First, is the need to guarantee the functioning of essential sectors, according to the IMF. “Resources for Covid-19 testing and treatment must be boosted. Regular health care, food production and distribution, essential infrastructure, and utilities must be maintained.”

The global lender acknowledged that war-time policy “may even involve intrusive actions by the government to provide key supplies through recourse to wartime powers with prioritisation of public contracts for critical inputs and final goods, conversion of industries, or selective nationalisations.”

In the next weeks or months the State is expected to purchase testing kits, ventilators, masks, protective kits; it should hire and pay doctors, nurses, public health officers; it should build or acquire isolation and quarantine facilities and have more ICUs.

As it implements stringent containment measures aimed at starving the virus which include banning gathering, the Government will need to find a way of getting food to the vulnerable.

Members of National Assembly, through their advisory agency, Parliamentary Budget Office (PBO), have proposed a stimulus package of Sh272 billion.

Much of this cash, Sh122 billion, they noted, can be realised by cutting ministries’ non-essential expenditures such as travel, entertainment, training. The Government can then borrow Sh150 billion.

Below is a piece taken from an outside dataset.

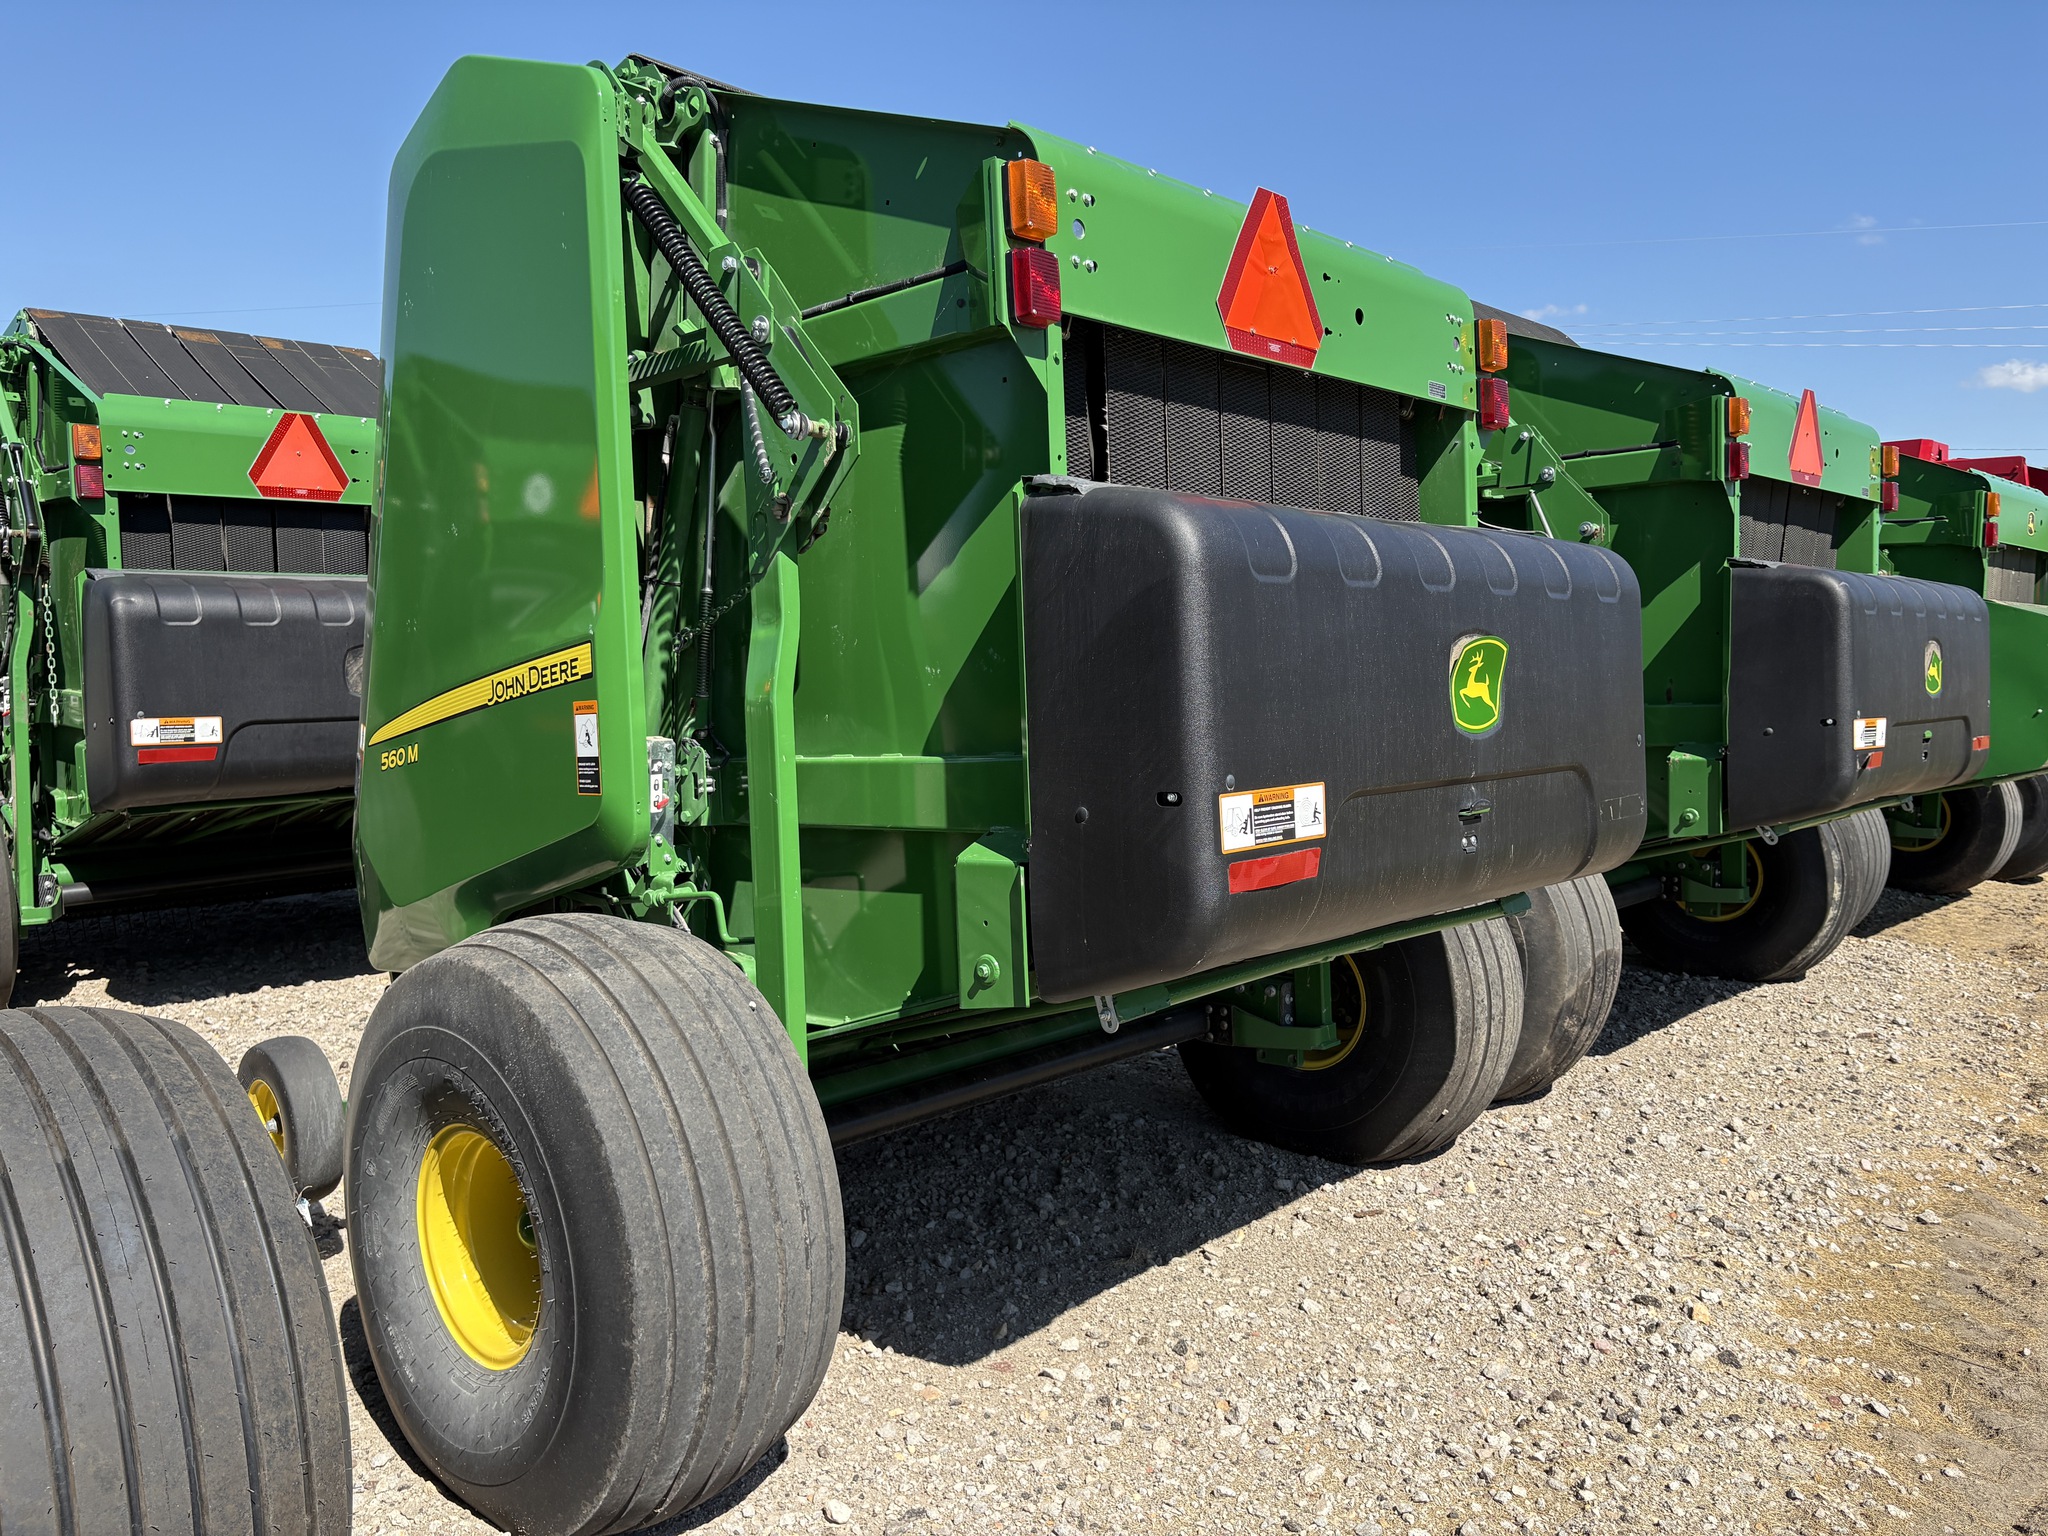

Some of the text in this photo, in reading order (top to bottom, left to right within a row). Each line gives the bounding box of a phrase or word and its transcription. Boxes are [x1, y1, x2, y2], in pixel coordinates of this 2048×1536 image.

[488, 657, 580, 703] JOHN DEERE
[381, 743, 419, 771] 560 M
[1263, 791, 1289, 802] WARNING
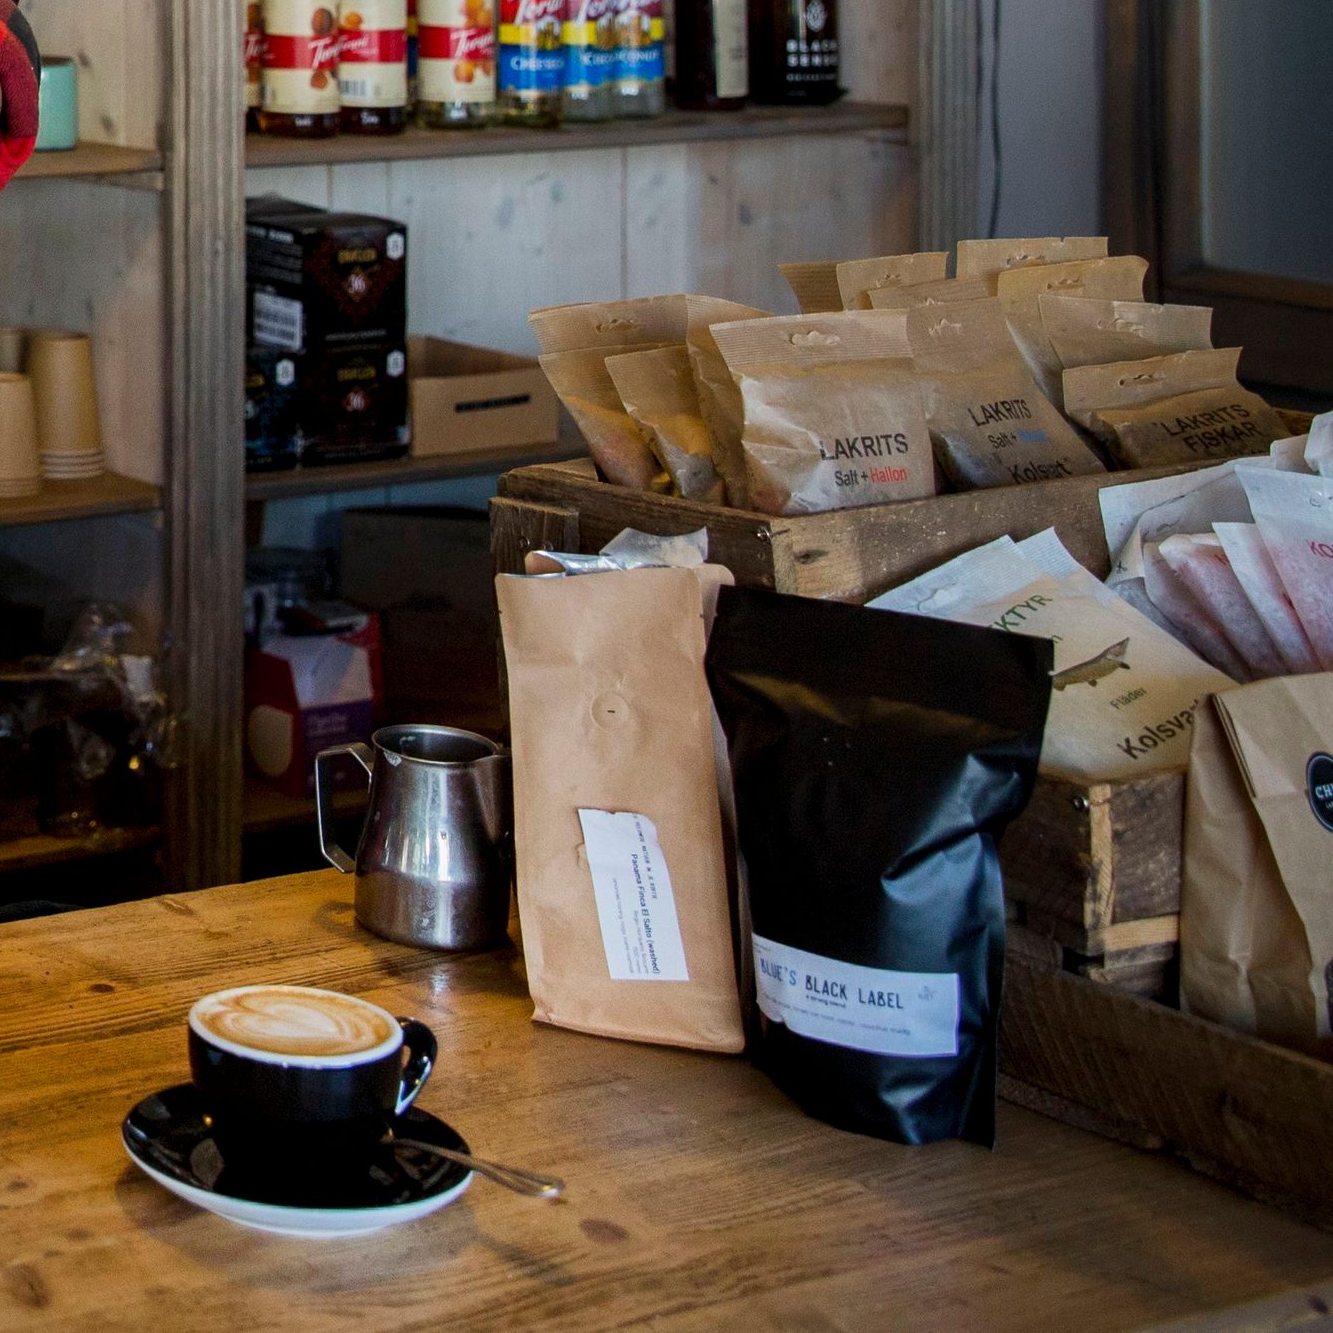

About Sh40 billion, noted PBO, should be pumped into critical projects such as social housing, manufacturing, and food security through concessional credit facilities just to keep the economy going.

While the Government had proposed an increase in cash transfers to the old and vulnerable by Sh10 billion, MPs want the Government to spend Sh70 billion on food and other essential items on around 4 million urban households. “Ministry of Interior and other agencies including local administration to identify beneficiaries,” said PBO.

Already, the Government has been scouting for food from some 31 counties as it prepares for an emergency.

“In order to manage the food security situation at both the national and county levels during the emergency period, there is a need for urgent collection and timely sharing of data and information across all levels of governments,” said Agriculture Principal Secretary Hamadi Boga in a letter to the Council of Governors.

The food would be distributed to vulnerable Kenyans so as to cushion them against the debilitating economic effects of the pandemic.

Certified Investment and Financial Analysts (ICIFA) want the Government to control prices of basic commodities, a position that is supported by the IMF.  According to ICIFA, disruption of global supply means that availability of food will be limited.

Various regulators have warned against increase in prices of products.